Éamon de Valera (1882-1975), taoiseach and president of Ireland; was born in Manhattan, New York, on 14 October 1882, to an Irish mother. His father died when he was two years old and he was sent to Ireland to be reared by his maternal grandmother, Elizabeth Coll in Co. Limerick. He attended the local primary school at Bruree and was later educated by the Christian Brothers at Charleville. At the age of sixteen he won a scholarship worth £20 per annum to Blackrock College, Co. Dublin. In 1903 he was appointed professor of mathematics at the Rockwell College, Co. Tipperary. He graduated in 1904 with a pass degree in mathematics from the Royal University of Ireland (University College Dublin) and went to teach at Belvedere College. In 1906 he secured a post as professor of mathematics at Careysfort Teachers' Training College for women in Blackrock, Co. Dublin. His applications for professorship in the colleges of the National University were unsuccessful, but he obtained a part time appointment at Maynooth and also lectured in mathematics in various Dublin colleges. At school and later he was a keen rugby footballer.

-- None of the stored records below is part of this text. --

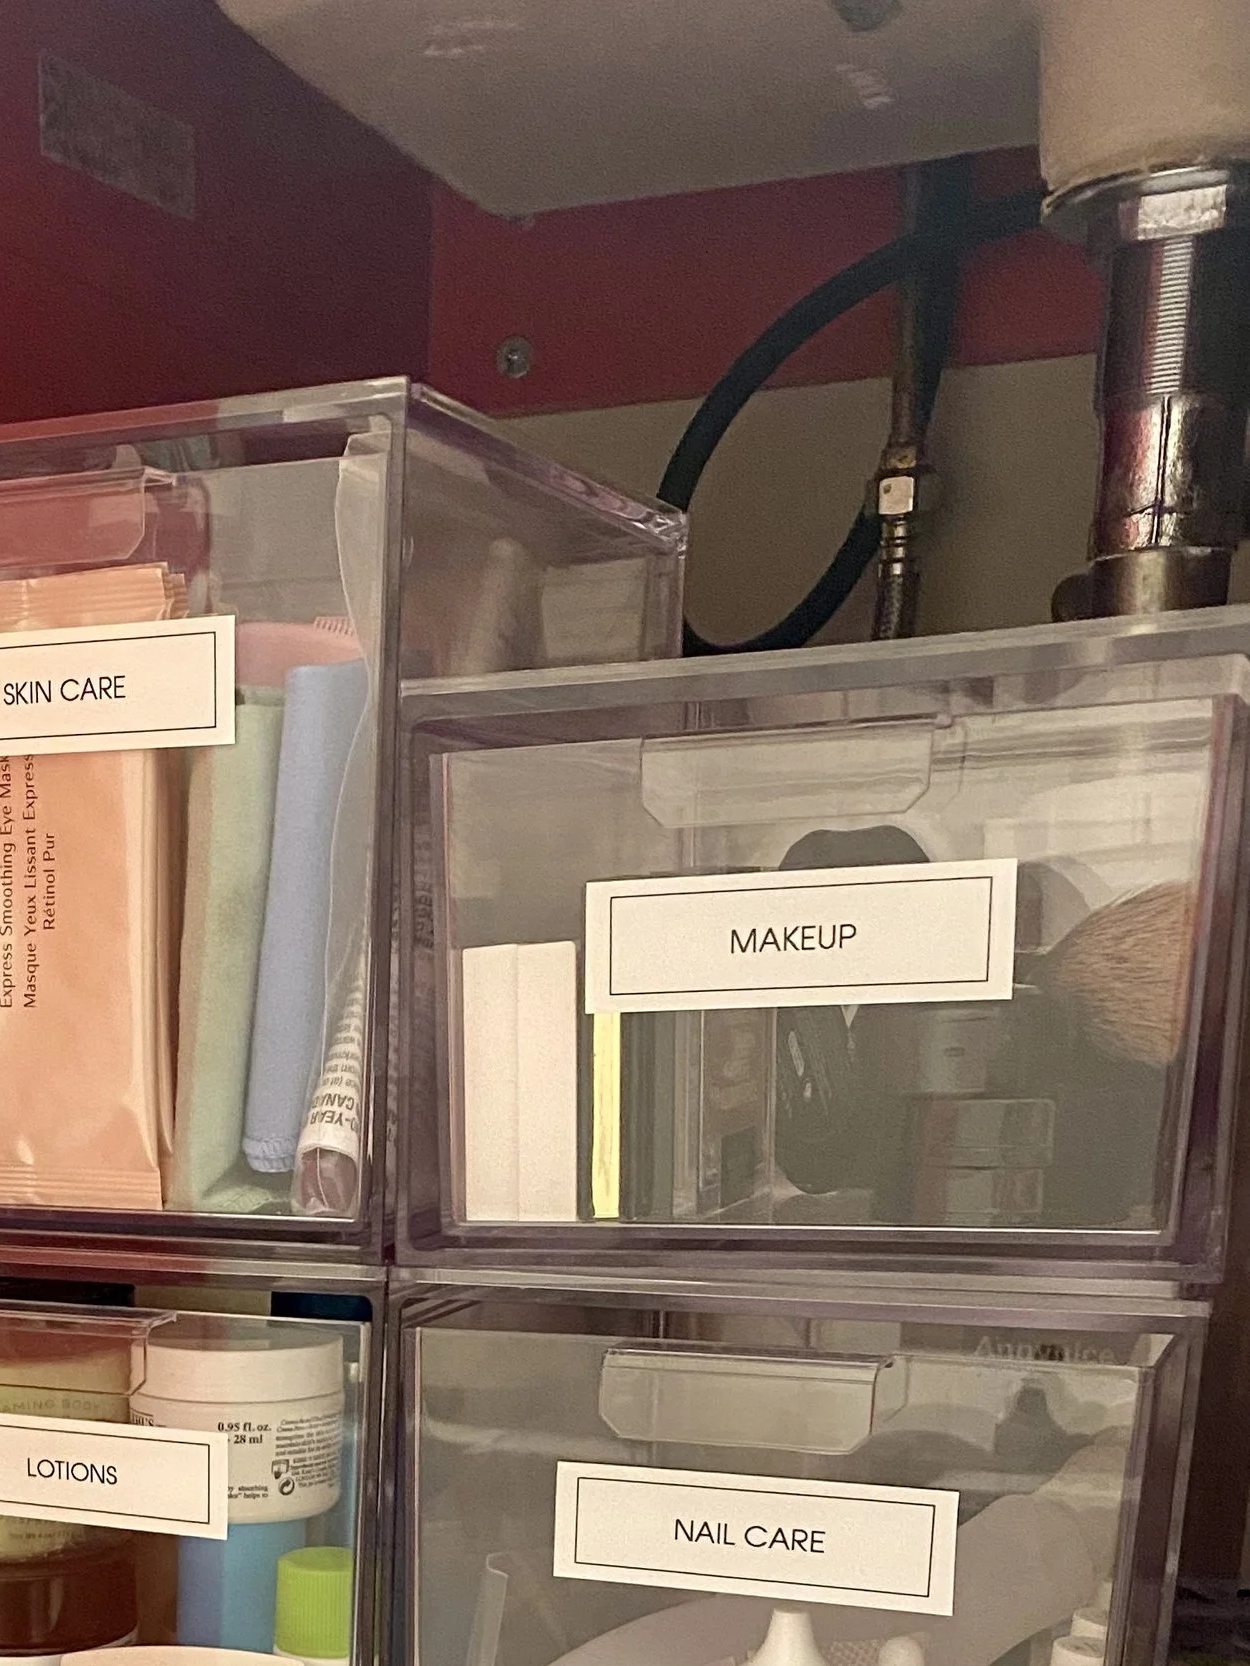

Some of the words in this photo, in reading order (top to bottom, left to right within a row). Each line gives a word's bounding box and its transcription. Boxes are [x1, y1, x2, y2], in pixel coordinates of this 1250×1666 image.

[2, 680, 52, 706] SKIN
[60, 675, 126, 702] CARE
[22, 754, 39, 823] Express
[0, 805, 15, 836] Eye
[23, 827, 37, 890] Lissant
[42, 832, 56, 862] Pur
[0, 842, 17, 936] Smoothing
[42, 866, 56, 930] Rétinol
[23, 894, 37, 937] Yeux
[729, 923, 857, 954] MAKEUP
[0, 943, 16, 1008] Express
[23, 942, 40, 1008] Masque
[217, 1421, 240, 1433] 0.95
[234, 1434, 246, 1444] 28
[249, 1433, 263, 1444] ml
[27, 1457, 118, 1485] LOTIONS
[673, 1517, 736, 1548] NAIL
[743, 1525, 826, 1555] CARE
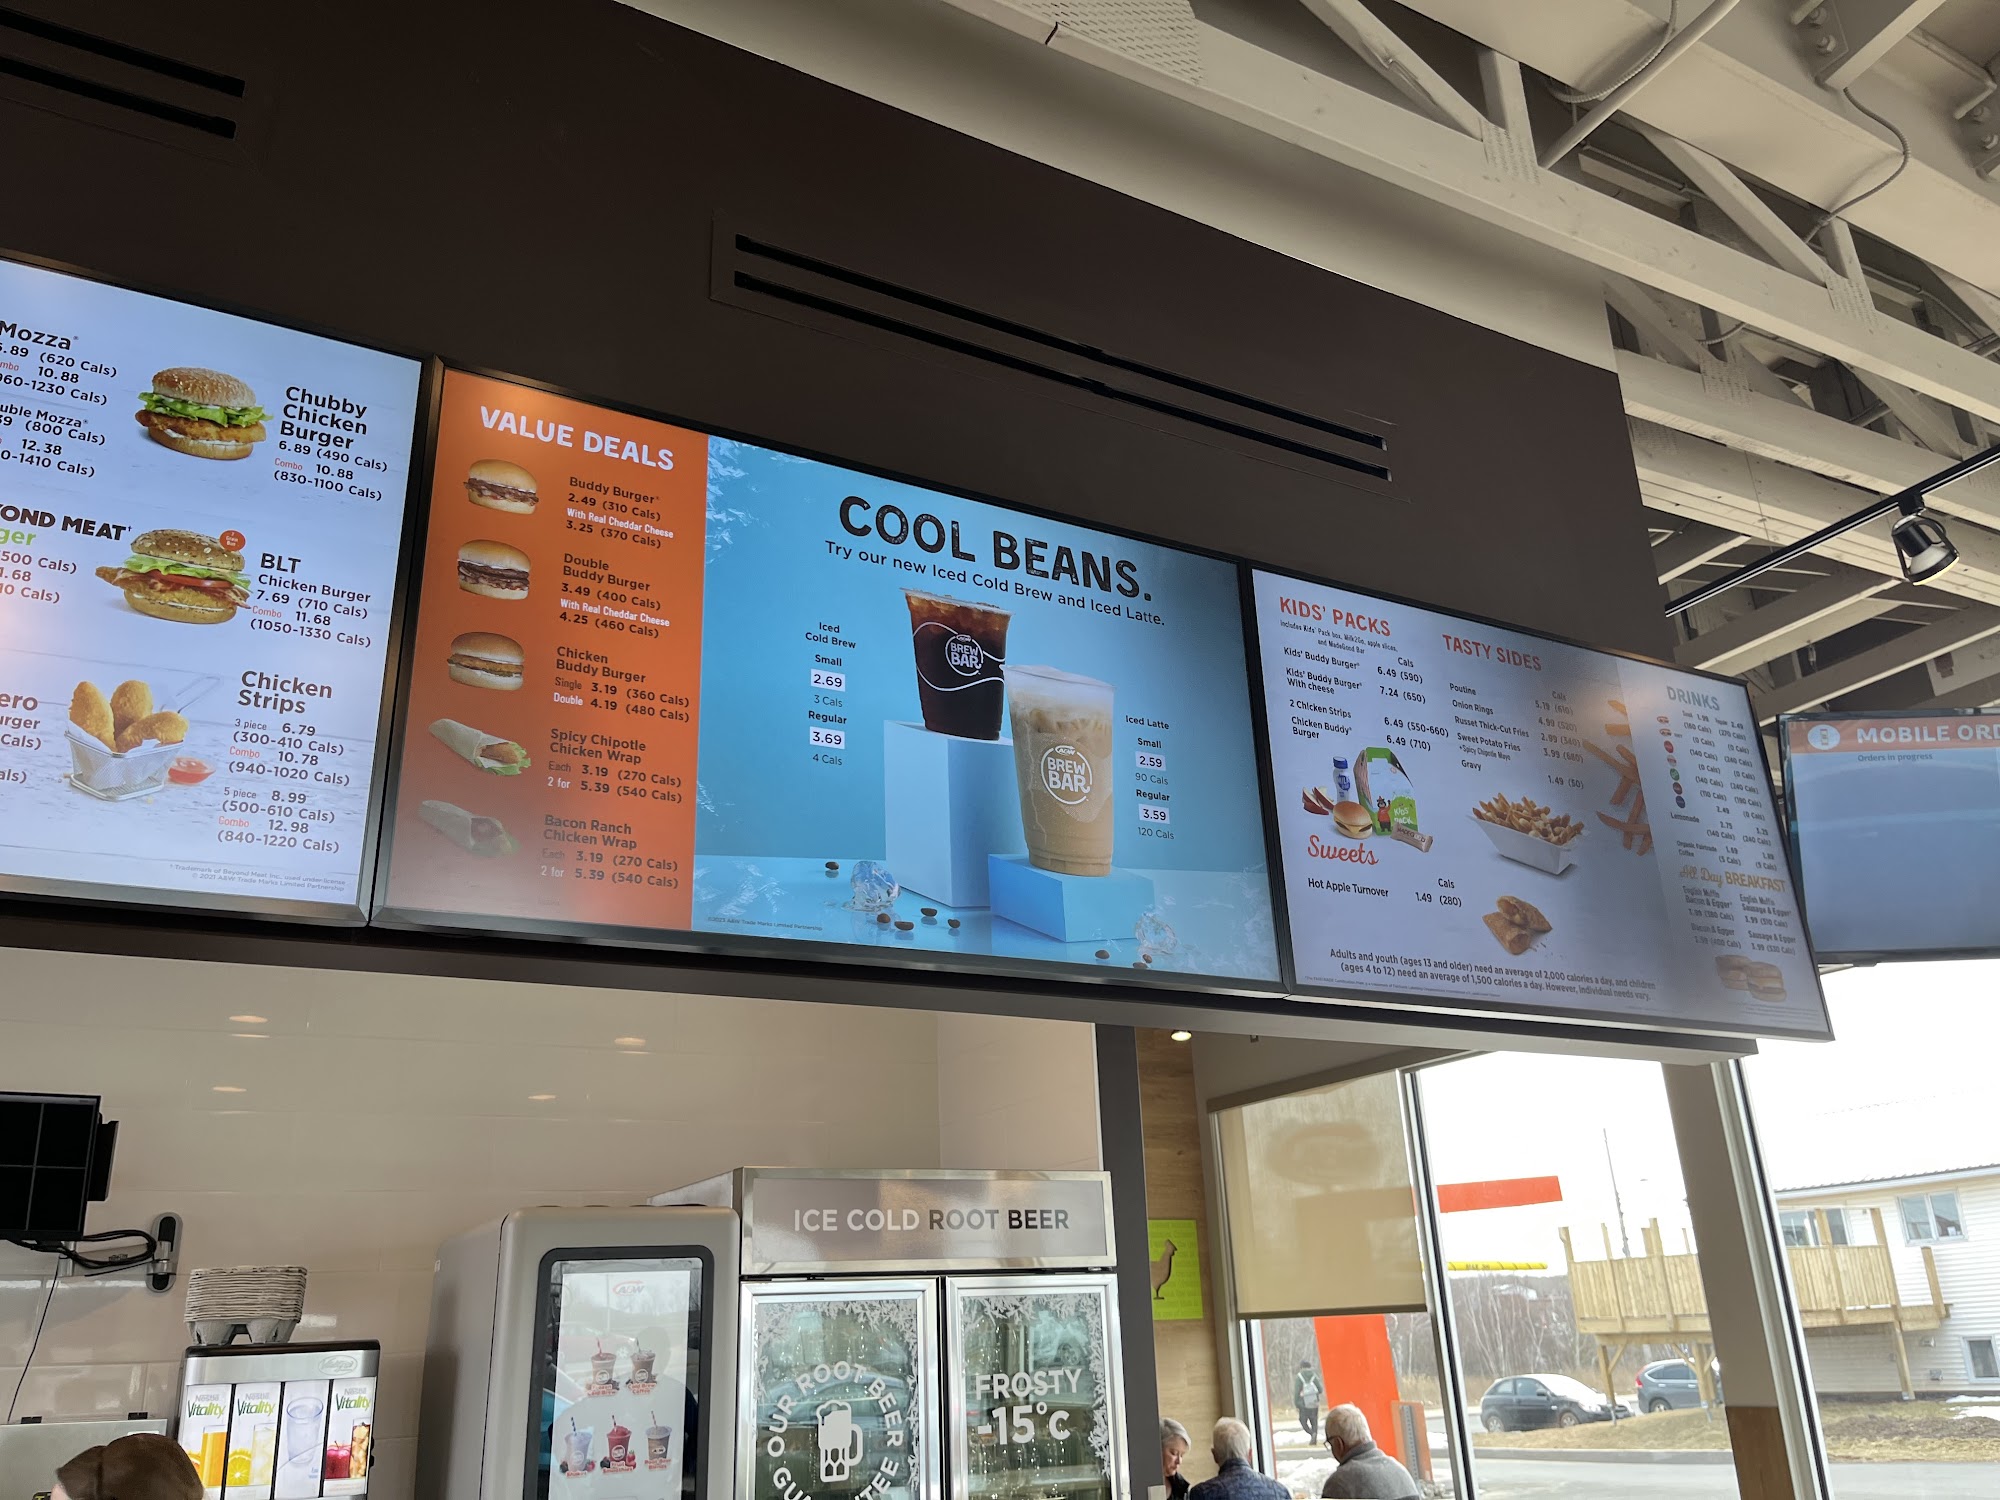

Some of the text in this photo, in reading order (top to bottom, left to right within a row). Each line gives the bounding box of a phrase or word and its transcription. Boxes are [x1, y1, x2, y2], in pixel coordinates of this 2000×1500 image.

[285, 386, 367, 419] Chubby
[282, 404, 367, 435] Chicken
[279, 421, 355, 451] Burger
[480, 406, 674, 470] VALUE DEALS
[278, 441, 388, 472] 6.89 (490 Cals)
[274, 458, 354, 481] Combo 10.88
[273, 470, 382, 501] (830-1100 Cals)
[568, 492, 661, 522] 2.49 (310 Cals)
[566, 508, 674, 538] With Real Cheddar Cheese
[566, 520, 662, 549] 3.25 (370 Cals)
[839, 495, 1153, 601] COOL BEANS.
[260, 553, 301, 574] BLT
[564, 554, 609, 571] Double
[257, 574, 371, 603] Chicken Burger
[562, 565, 650, 592] Buddy Burger
[825, 541, 1165, 627] Try our new Iced Cold Brew and Iced Latte.
[256, 590, 369, 619] 7.69 (710 Cals)
[561, 582, 662, 612] 3.49 (400 Cals)
[252, 606, 332, 626] Combo 11.68
[560, 598, 670, 627] With Real Cheddar Cheese
[1280, 597, 1391, 636] KIDS' PACKS
[250, 619, 372, 648] (1050-1330 Cals)
[560, 612, 659, 638] 4.25 (460 Cals)
[819, 622, 841, 634] Iced
[805, 633, 856, 649] Cold Brew
[951, 642, 979, 656] BREW
[557, 646, 608, 664] Chicken
[814, 655, 843, 667] Small
[951, 654, 982, 670] BAR
[1442, 634, 1542, 672] TASTY SIDES
[556, 659, 646, 682] Buddy Burger
[813, 674, 843, 688] 2.69
[1378, 667, 1423, 684] 6.49 (590)
[241, 671, 333, 699] Chicken
[555, 677, 690, 708] Single 3.19 (360 Cals)
[1288, 678, 1335, 695] With cheese
[1380, 687, 1426, 704] 7.24 (650)
[1450, 683, 1476, 696] Poutine
[237, 690, 306, 715] Strips
[554, 692, 690, 723] Double 4.19 (480 Cals)
[814, 695, 843, 707] 3 Cals
[1296, 701, 1328, 714] Chicken
[1329, 706, 1351, 718] Strips
[1452, 700, 1494, 715] Onion Rings
[1666, 686, 1720, 711] DRINKS
[234, 719, 316, 737] 3 piece 6.79
[808, 711, 847, 726] Regular
[1125, 715, 1170, 730] Iced Latte
[1454, 716, 1530, 738] Russet Thick-Cut Fries
[232, 731, 345, 756] (300-410 Cals)
[550, 728, 646, 752] Spicy Chipotle
[812, 731, 843, 746] 3.69
[1137, 737, 1162, 749] Small
[1857, 725, 1949, 744] MOBILE
[229, 747, 319, 766] Combo 10.78
[550, 742, 642, 766] Chicken Wrap
[812, 753, 843, 766] 4 Cals
[1139, 756, 1163, 768] 2.59
[1898, 753, 1933, 762] progress
[228, 760, 351, 784] (940-1020 Cals)
[1047, 758, 1086, 775] BREW
[1461, 760, 1482, 771] Gravy
[1048, 771, 1091, 794] BAR
[1135, 774, 1168, 786] 90 Cals
[1136, 790, 1171, 801] Regular
[1143, 809, 1167, 821] 3.59
[1138, 828, 1175, 840] 120 Cals
[1307, 834, 1379, 866] Sweets
[1308, 878, 1462, 908] Hot Apple Turnover 1.49 (280)
[794, 1209, 1069, 1232] ICE COLD ROOT BEER
[975, 1368, 1082, 1400] FROSTY
[187, 1400, 226, 1418] Vitality
[237, 1397, 275, 1417] Vitality
[335, 1394, 370, 1411] Vitality
[767, 1360, 902, 1458] OUR ROOT BEER

Throughout his life, de Valera was devoted to Irish language and culture. Baptised Edward, he named himself Eamon when he became a member of the Gaelic League in 1908. On the 8 January 1910 he married Sinead Flanagan (who had taught him Irish). The first of their seven children (five boys and two girls) was born in 1911.
In 1913 he joined the Irish Volunteers and was quickly promoted to captain of the Donnybrook company. Plans were being prepared for armed revolution and in 1915 he was sworn into the Irish Republican Brotherhood (IRB), a secret republican society which aimed to end British rule in Ireland. De Valera was involved in the landing of arms at Howth harbour from the Asgard in July 1914. On 24 April 1916, the Easter Rising began in Dublin and de Valera took on the role of commandant.
After a week of fighting, the rebels surrendered. De Valera was the only commandant to be spared execution, but this was not, as is sometimes claimed, because of his American citizenship; the army merely felt that it had shot enough prisoners to set an example. After imprisonment in Dartmoor, Maidstone and Lewes, he was released in a general amnesty declared in June 1917. Soon after he was elected MP for East Clare and in October 1917 he became president of both Sinn Féin and the Irish Volunteers. In May 1918, de Valera was rearrested for leading the public outcry against Britain's decision to introduce conscription in Ireland. He escaped from Lincoln Jail in 1919 and was unanimously elected as President of the first Dáil Éireann.
In June 1919, de Valera embarked on his tour of the USA. He had three aims: to ask for official recognition of the Irish Republic, to obtain a loan to finance the work of the new government and to secure the support of the American people for the republic. The visit lasted until December 1920 and he raised $6 million. De Valera returned to find Ireland engaged in a bitter War of Independence. The Republican forces were forced to rely on guerrilla tactics against the larger and better-equipped British Army. After months of ambushes, reprisals, destruction of property and killings, a truce was declared on 11 July 1921. Subsequent negotiations with the English Prime Minister, Lloyd George, and his government, culminated in the Anglo-Irish Treaty of the 6 December 1921. This provided not for an Irish republic but for a divided Ireland, with an oath of allegiance to the king. Partition had been a reality since the Government of Ireland Act 1920. De Valera was not a member of the negotiating team and on hearing its terms refused to recommend acceptance of it to either the Dáil or the people. Following debates in the Dáil, the Treaty was endorsed in January 1922, with 64 delegates in favour and 57 opposed. Arthur Griffith replaced de Valera as President and a Provisional Government of the Irish Free State was elected. Michael Collins one of the key signatories was killed in an ambush at Béal na mBláth in west Co. Cork on 22 August that year.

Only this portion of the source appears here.